Трактат Сунь-цзы, в русском переводе известный как «Искусство войны»,
интересен как военным, так и гражданским читателям и поныне. Я прочел его с
удовольствием и тебе рекомендую.
А вот тебе история о Сунь-цзы, вернее о том, как он стал полководцем в
княжестве У…
«Сунь-цзы по имени У, происходящий родом из царства У, прославился
среди военных и сановников как стратег, но из-за того, что жил он в уединении,
вдали от двора правителя, многие люди не знали о его способностях. Мудрый У
Цзысюй, полководец правителя царства У, будучи человеком сведущим и
проницательным, знал о полководческих талантах Сунь-цзы.
Когда правитель У собрался напасть на царство Чу, У Цзысюй рекомендовал
ему Сунь-цзы. Правитель У пожелал видеть Сунь-цзы.
Когда Сунь-цзы предстал перед правителем У, тот принялся расспрашивать
его о военной стратегии и всякий раз оставался доволен ответами Сунь-цзы.
– Я хотел бы испытать вас, – сказал правитель. – Мне хочется проверить
вашу стратегию на деле.
– Это возможно, – ответил Сунь-цзы. – Если правителю угодно, то можно
проверить мою стратегию с помощью женщин, живущих во дворце.
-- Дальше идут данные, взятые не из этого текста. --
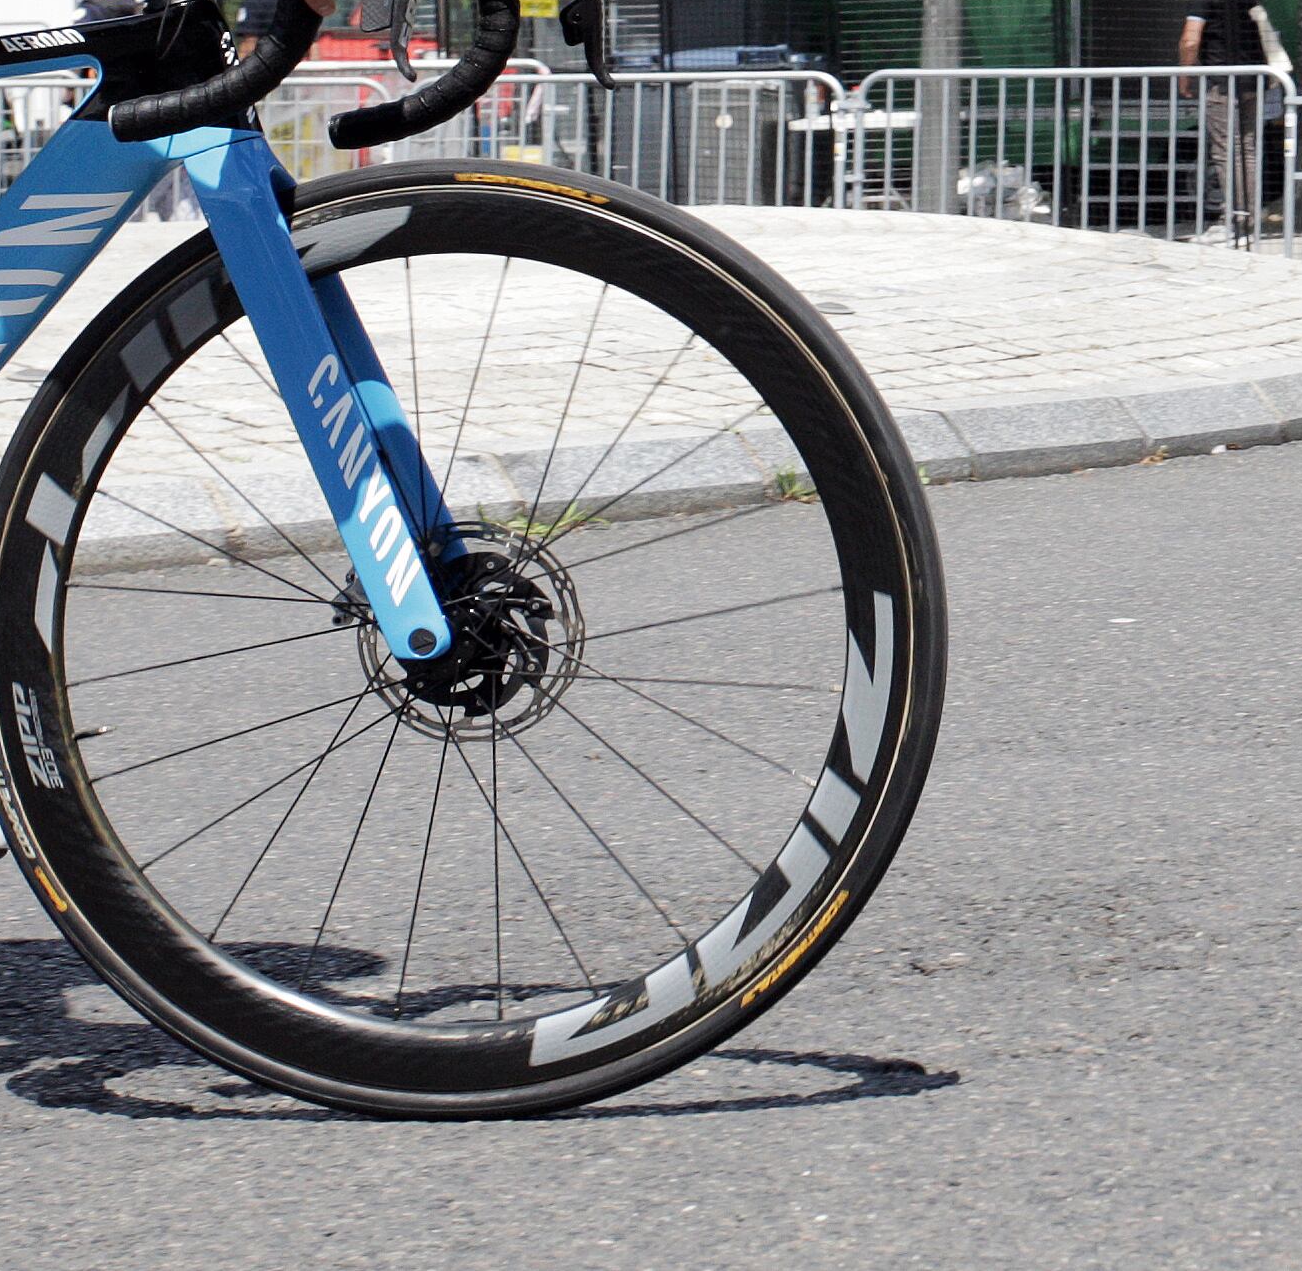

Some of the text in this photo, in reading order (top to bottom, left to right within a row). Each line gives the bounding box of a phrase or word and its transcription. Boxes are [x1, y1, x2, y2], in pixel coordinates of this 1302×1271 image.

[0, 28, 86, 53] AEROAD
[308, 353, 421, 607] CANYON
[12, 681, 51, 789] ZIPP
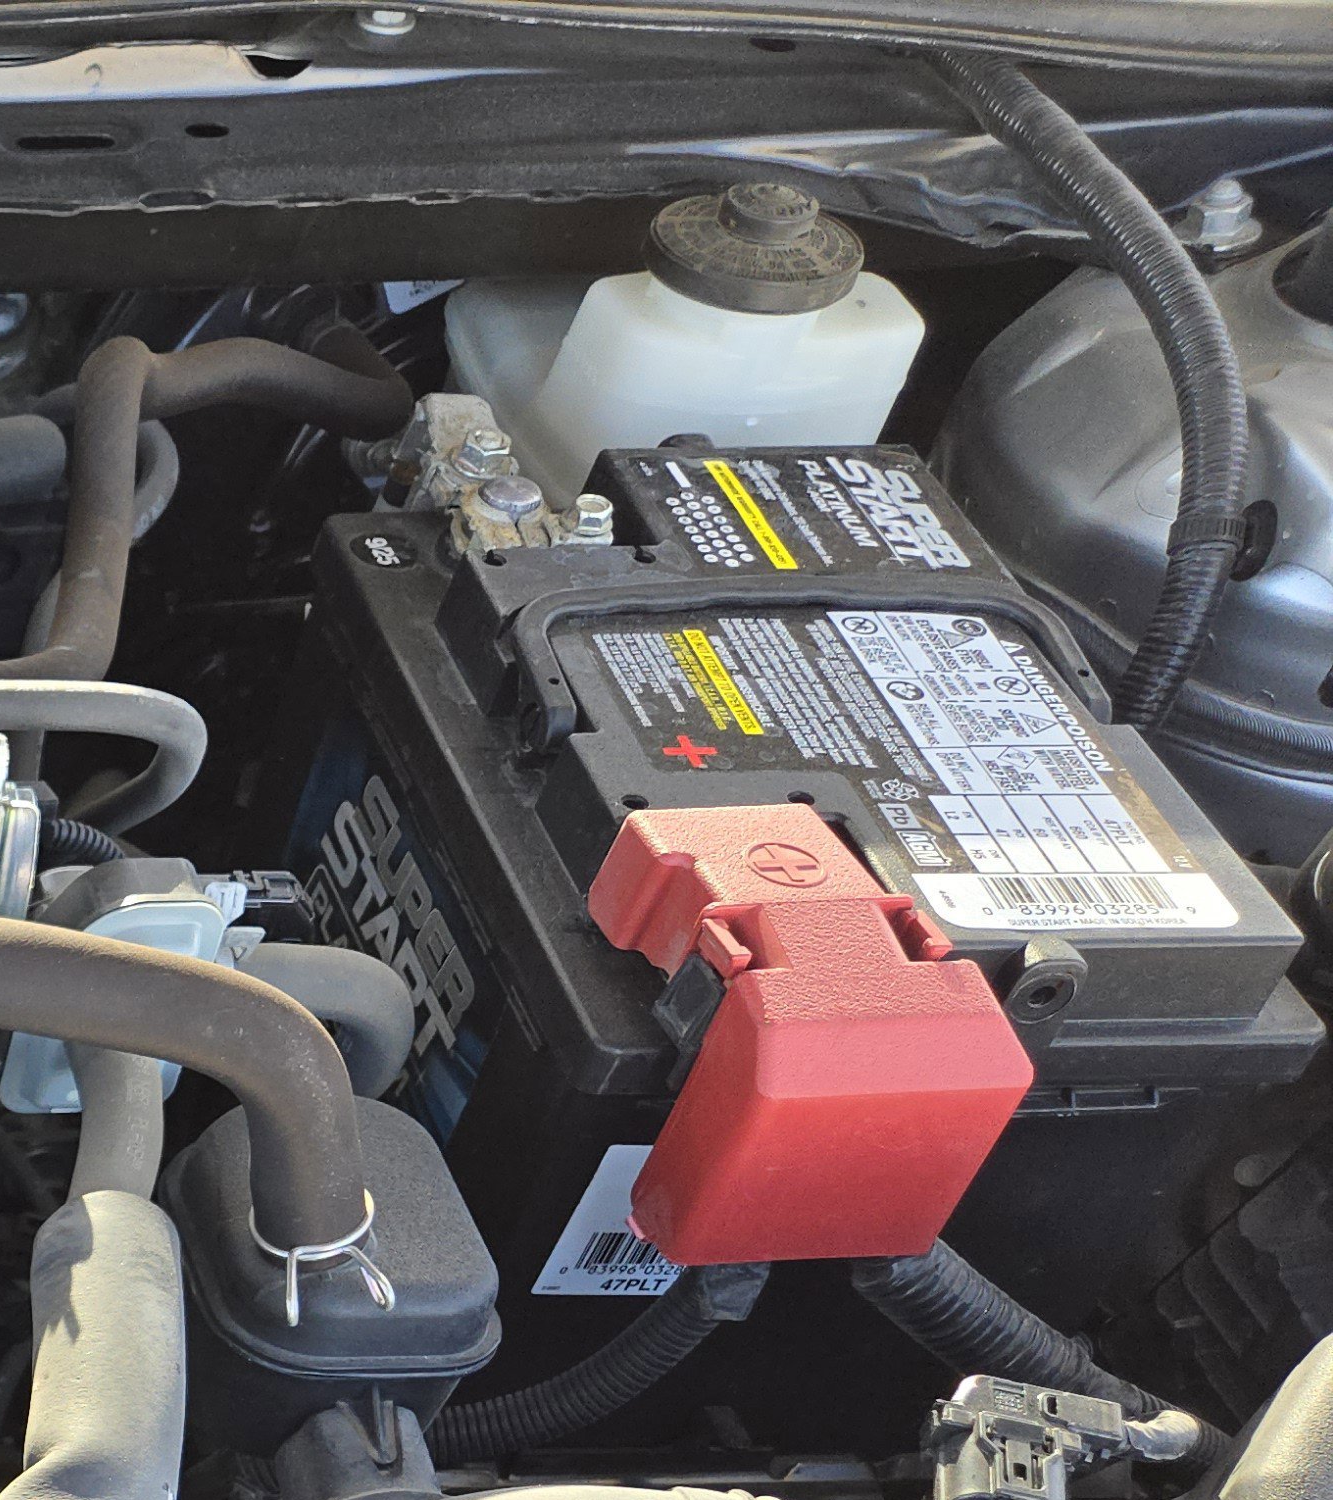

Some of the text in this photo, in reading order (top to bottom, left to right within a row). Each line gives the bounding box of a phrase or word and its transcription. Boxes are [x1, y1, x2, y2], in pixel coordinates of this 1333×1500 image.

[797, 458, 880, 548] PLATINUM
[825, 455, 941, 570] START
[884, 469, 972, 569] SUPER
[364, 536, 401, 566] 9/25
[1010, 654, 1116, 771] DANGER/POISON
[885, 807, 911, 825] Pb
[992, 828, 1011, 838] 47
[1100, 819, 1135, 845] 47PLT
[900, 832, 947, 865] AGM
[362, 774, 475, 1030] SUPER
[1020, 904, 1085, 916] 83996
[1094, 904, 1161, 916] 03285
[320, 800, 457, 1057] START
[587, 1264, 637, 1276] 83996
[599, 1278, 668, 1292] 47PLT
Правитель У согласился. К Сунь-цзы явились три сотни женщин, и в их
числе – две любимые наложницы правителя.
Сунь-цзы разбил женщин на два отряда, назначив наложниц правителя
командирами над ними. Затем он приказал всем тремстам женщинам надеть
шлемы и доспехи, взять в руки мечи и щиты и выстроил их, после чего начал
обучать их военным правилам – идти вперед, отходить, поворачиваться налево и
направо и разворачиваться кругом в соответствии с боем барабана, а также
сообщил им о запретах.
Когда Сунь-цзы счел подготовку достаточной, он приказал своему женскому
войску:
– С первым ударом барабана вы должны все собраться, со вторым ударом
наступать с оружием в руках, с третьим – построиться в боевой порядок.
Женщины рассмеялись и не стали повиноваться.
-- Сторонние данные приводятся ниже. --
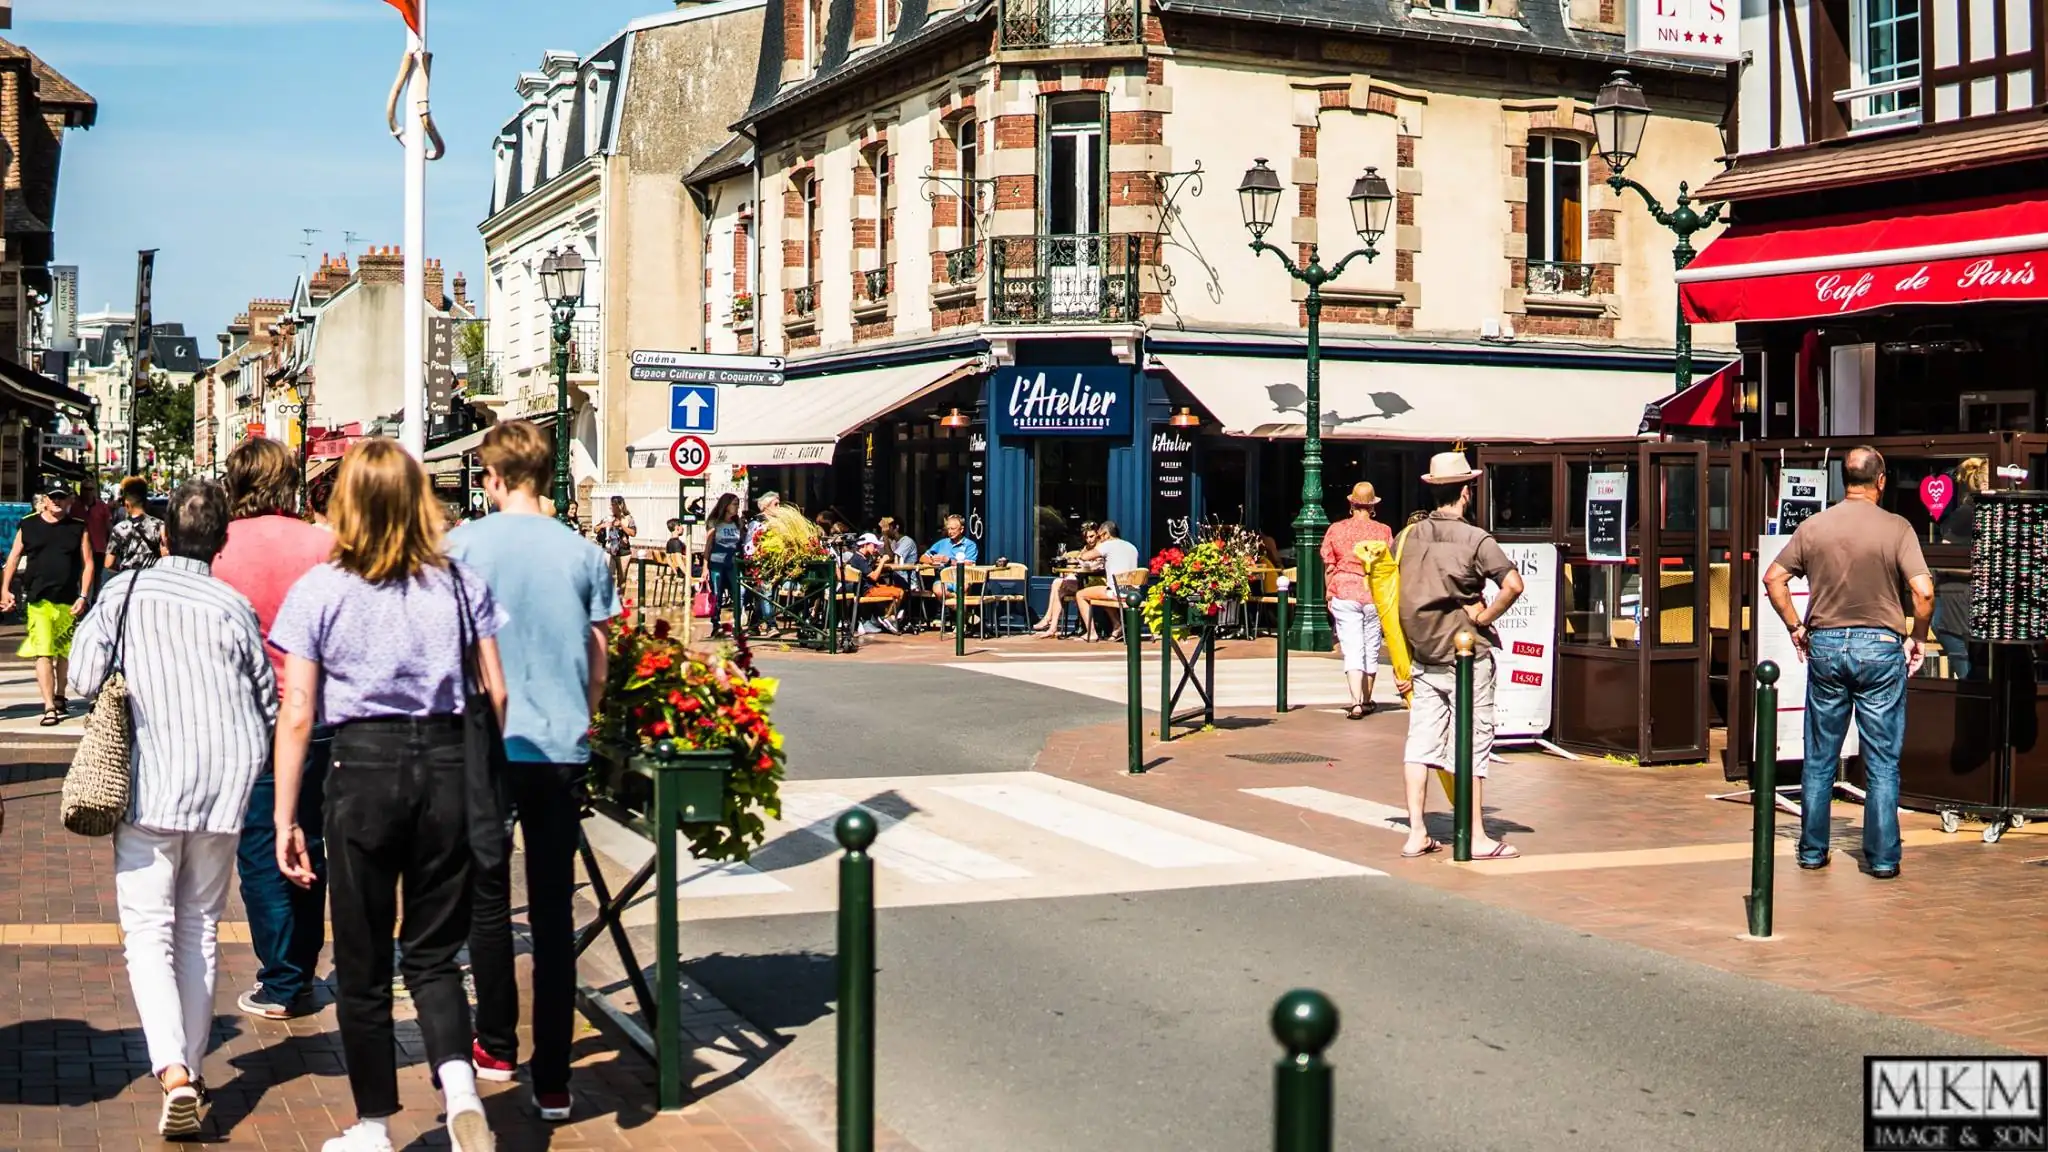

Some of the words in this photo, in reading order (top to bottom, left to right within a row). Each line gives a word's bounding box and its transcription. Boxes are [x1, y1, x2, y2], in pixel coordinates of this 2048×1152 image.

[1658, 28, 1679, 42] NN
[60, 271, 68, 312] AGENCES
[1815, 272, 1875, 311] Café
[1895, 265, 1930, 292] de
[1957, 259, 2036, 288] Paris
[68, 271, 77, 338] D'AUJOURD'HUI
[635, 353, 677, 364] Cinéma
[634, 367, 666, 379] Espace
[669, 369, 706, 380] Culturel
[720, 371, 765, 383] Coquatrix
[1009, 372, 1117, 417] l'Atelier
[1152, 432, 1192, 452] l'Atelier
[678, 447, 702, 465] 30
[1523, 549, 1538, 560] de
[1516, 644, 1535, 655] 13,50
[1515, 672, 1535, 684] 14,50
Сунь-цзы лично взял в руки палочки и стал бить в барабан. Он трижды
повторил свой приказ и пять раз объяснил его.
Женщины продолжали смеяться, и только.
Сунь-цзы пришел в ярость и велел позвать палача и принести топоры для
рубки голов.
Сунь-цзы сказал:
– Если инструкция неясна, если разъяснениям и приказам не доверяют, то это
вина полководца. Но когда эти инструкции повторены три раза, а приказы
объяснены пять раз, а войска по-прежнему не выполняют их, то это вина
командиров. Согласно предписаниям военной дисциплины, каково наказание?
– Обезглавливание! – ответил ему придворный законовед правителя У.
– Возьмите этих нерадивых командиров и отрубите им головы! – повелел
палачу Сунь-цзы, указав на двух любимых наложниц правителя.
Правитель У огорчился, потому что сильно любил своих наложниц:
– Я понял, что вы полководец, который действительно может управлять
войсками, – сказал он Сунь-цзы. – Но лучше не обезглавливать этих двух
наложниц, ибо они дарят мне радость.
Сунь-цзы сказал:
– Я уже назначен полководцем, а согласно правилам для полководцев,
командующих армиями, все их приказы должны исполняться!
Повинуясь приказу Сунь-цзы, палач обезглавил несчастных девушек.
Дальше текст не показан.